Aubrey dan Monica hanya tertawa tidak menyangka bahwa Daffin benar-benar seniat itu.

“Yah elah, babe! Masih cakepan aku kemana-mana kali,”

“Liat, nih… Apaan sih dia, ngapain segala ngehaluin dia coba? orang kamu punya aku, nggak perlu ngehalu-halu lagi, lah.”

Monica tertawa puas, “Cemburu kok sama idol k-pop!”


Waktu berlalu begitu cepat. Jam sudah menunjukkan pukul 6 sore, Aubrey yang merasa tidak enak karena sudah lama berada di rumah Daffin langsung berpamitan untuk pulang.

“Kak, kayaknya aku harus pulang deh. Udah dicariin Buna.”

“Yah, cepet banget sih mainnya.” Monica langsung menghampiri Aubrey dan memeluk tubuh Aubrey.

“Udah lama banget tau aku disini, Kak! malah akunya jadi ngerepotin Kak Monic sampe dibikinin cookies kayak gini.”
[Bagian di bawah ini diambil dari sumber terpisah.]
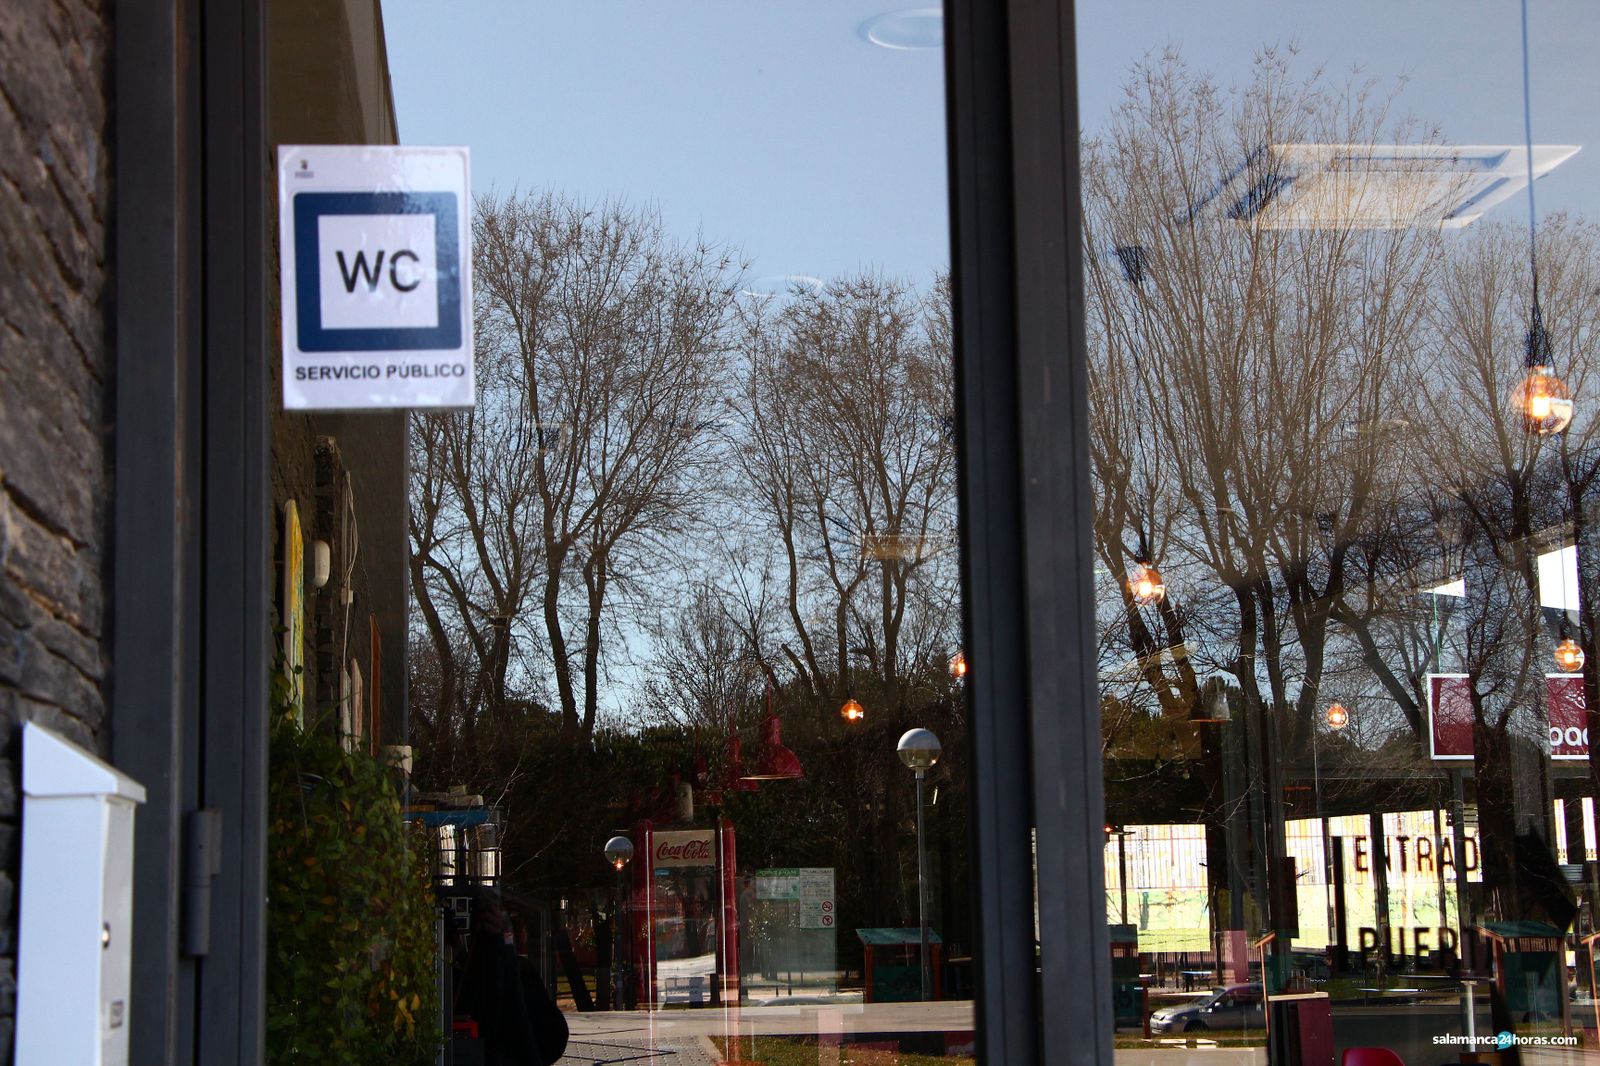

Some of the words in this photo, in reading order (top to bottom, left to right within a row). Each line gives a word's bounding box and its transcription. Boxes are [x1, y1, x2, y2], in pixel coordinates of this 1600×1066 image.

“Gapapa, ih! nggak ngerepotin, kok. Malahan seneng, akunya jadi ada temen. Bosen kalo berduaan doang sama Daffin.”

Aubrey hanya terkekeh sembari melihat Daffin yang masih asik dengan game yang berada diponselnya.

“Yaudah, Fin, dianterin nih pacarnya. Kasian udah jam segini kalo balik sendiri.”

Daffin langsung bangkit dari duduknya. “Ya mana mungkin juga Aubrey aku suruh pulang sendiri,”

“Ayok, babe,” sambung Daffin sembari mengambil kunci mobilnya dan langsung meninggalkan ruang tengah keluarganya.

“Kak, makasih ya buat hari ini, kapan-kapan kita shopping bareng!”

“Okay siap! hati-hati ya, Brey, Fin!”